A questão relativa a competência para licenciar e para fiscalizar têm suscitado muita polêmica, primeiro pela sobreposição de funções e segundo pelas lacunas da Lei. Estes conflitos vêm sendo discutidos na via judicial, ocasionando o abarrotamento do Judiciário, postergando o desenvolvimento, e principalmente prejudicando o fim essencial da norma que é a proteção do meio ambiente.

A regulamentação do artigo 23 da Constituição já vem sendo discutida desde 2004 pelo Ministério do Meio Ambiente com os Ministérios Públicos Federal e Estaduais, com o Conselho Nacional do Meio Ambiente, com o Ibama e com entidades de meio ambiente dos estados e dos municípios.

A proposta é que o órgão que realizar o licenciamento também seja o responsável pela fiscalização, ressalvando que em caso de iminência de dano ambiental, o ente que tiver conhecimento do fato deverá agir para evitá-lo, mesmo que não se trate de sua atribuição. Nesse caso, deverá comunicar imediatamente o ente responsável sobre o episódio.

O projeto pretende incumbir à União o licenciamento de atividades ou empreendimentos que causem ou possam causar impactos ambientais direto de âmbito nacional ou regional, significa dizer que, aqueles empreendimentos cujo impacto ambiental atinja mais de um estado ou ultrapasse as fronteiras do país.

Aos estados e ao Distrito Federal caberá o licenciamento ambiental de atividades e empreendimentos que causem impactos ambientais direto de âmbito estadual e que sejam localizados em unidades de conservação estaduais. No caso dos municípios, uma das atribuições é o licenciamento de atividades ou empreendimentos de impacto ambiental direto no âmbito local e localizado em unidades de conservação municipal.

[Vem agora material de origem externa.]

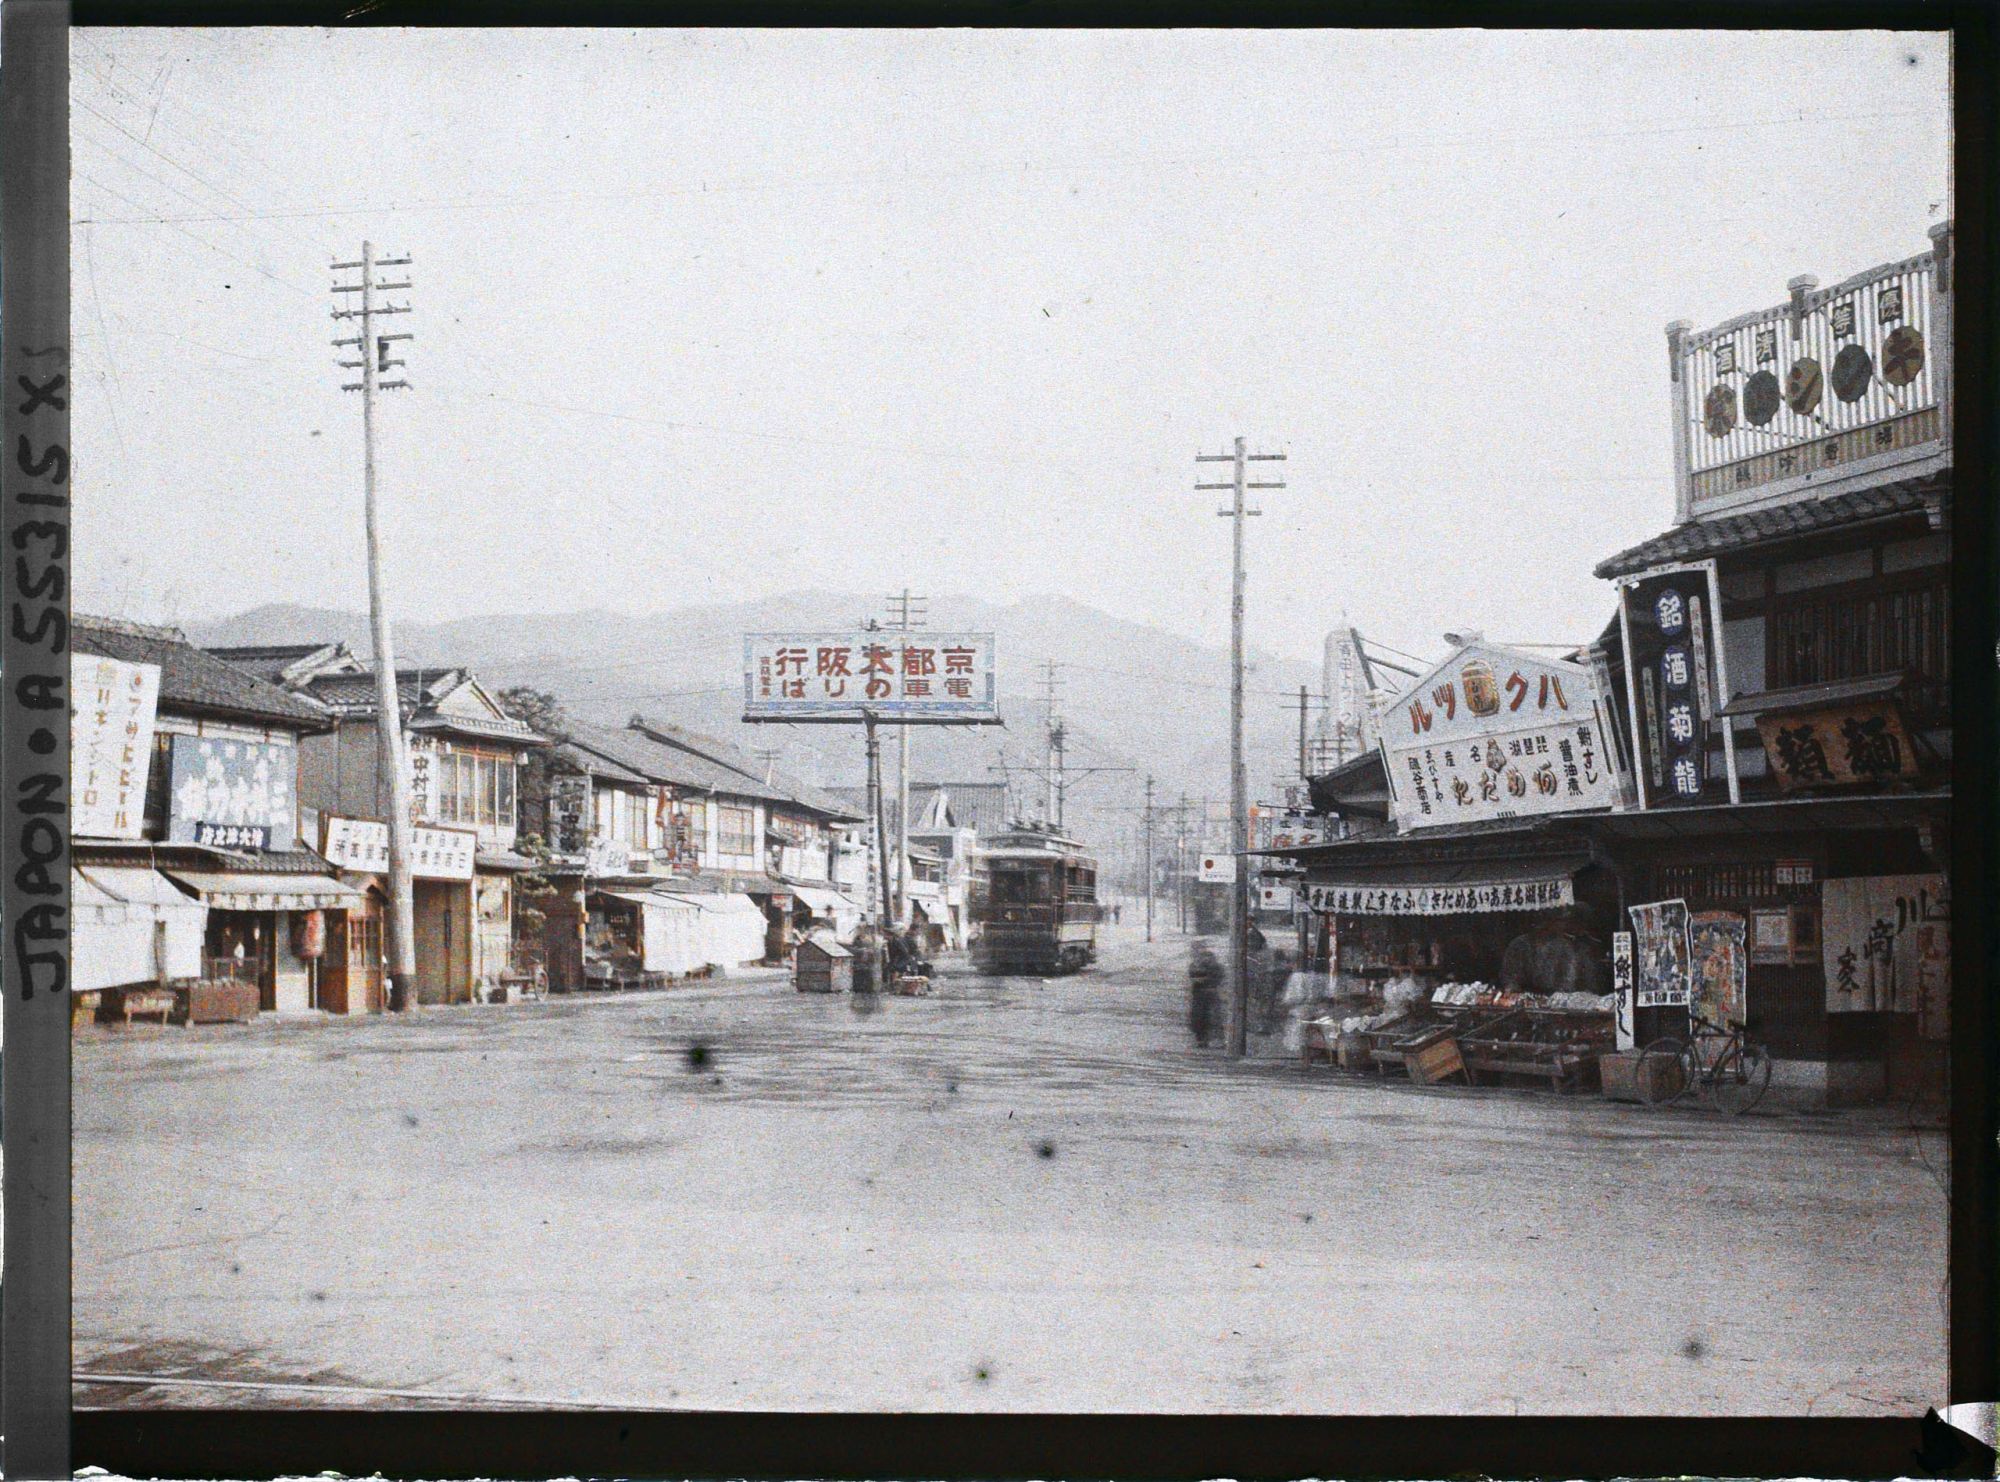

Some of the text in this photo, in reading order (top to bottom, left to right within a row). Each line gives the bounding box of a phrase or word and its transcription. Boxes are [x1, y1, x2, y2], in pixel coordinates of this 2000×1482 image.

[775, 644, 976, 677] 京都大阪行
[782, 678, 973, 699] 電車のりば
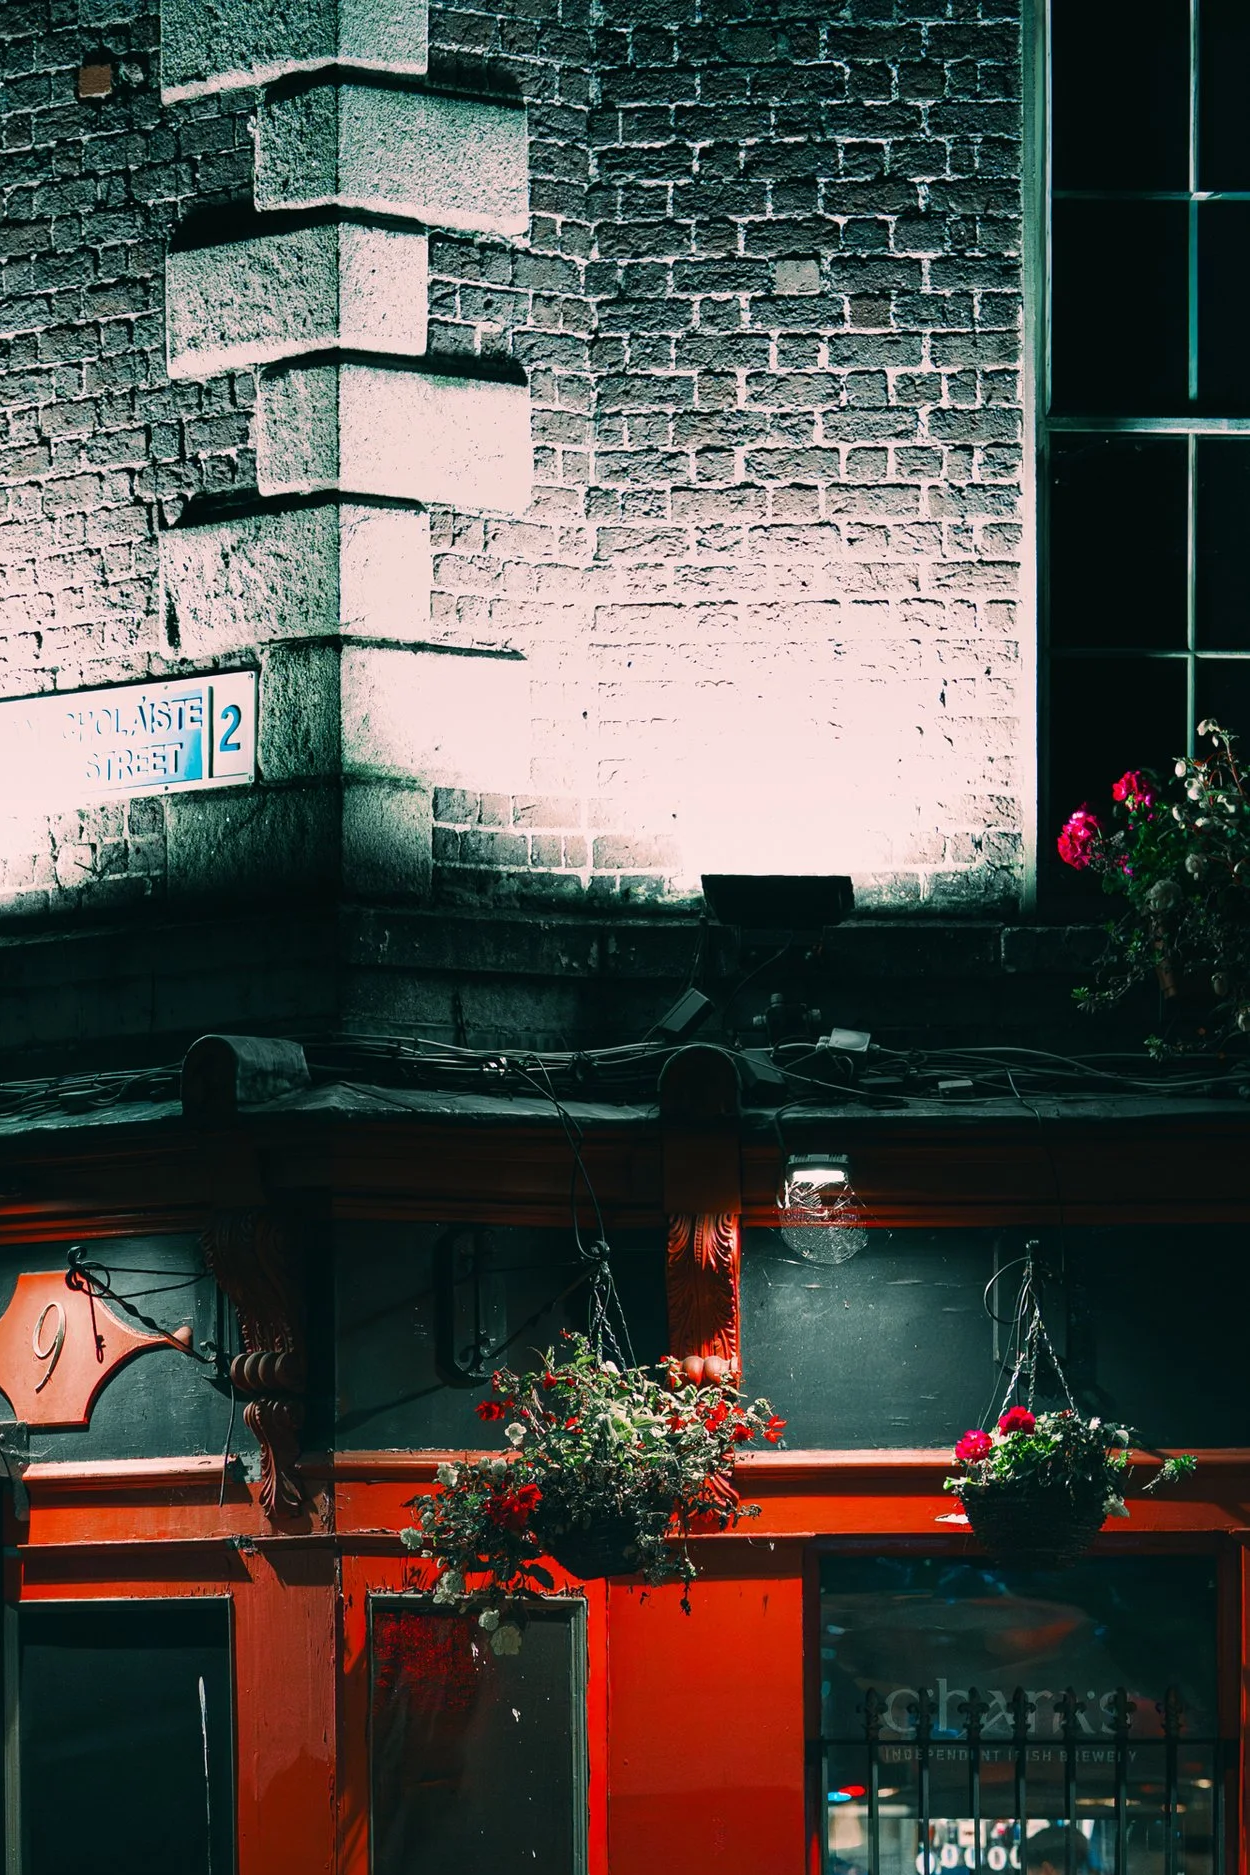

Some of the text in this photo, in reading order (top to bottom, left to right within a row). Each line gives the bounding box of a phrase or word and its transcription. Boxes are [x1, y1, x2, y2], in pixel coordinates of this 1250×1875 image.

O problema mencionado é do conhecimento do setor minerário, que há muito discute competência para o licenciamento e fiscalização da atividade, que atualmente, via de regra, são competências da FEPAM, mas se discute a possibilidade de passar esta atribuição aos municípios.

O principal objetivo do programa é “destravar” o crescimento da economia, e a medida proposta é muito bem-vinda, pois com a clareza nas regras sobre competência reduzirá a quantidade de ações judiciais e dinamizará a realização dos empreendimentos propostos pelo PAC, como os de saneamento básico e de habitação, dois dos principais focos do plano do governo, agradando duplamente os produtores de agregados para a construção civil. Agora só cabe esperar para ver se o plano será colocado em prática.

Nara Raquel Göcks, assessora jurídica da AGABRITAS concluiu, recentemente, o curso de especialização em Direito Ambiental pela PUC-RS, tendo como título de sua monografia "O compromisso de ajustamento de conduta - reflexões e críticas".

Nara Raquel é sócia-gerente de Göcks Advogadas Associadas, consultoria jurídica especializada na área ambiental.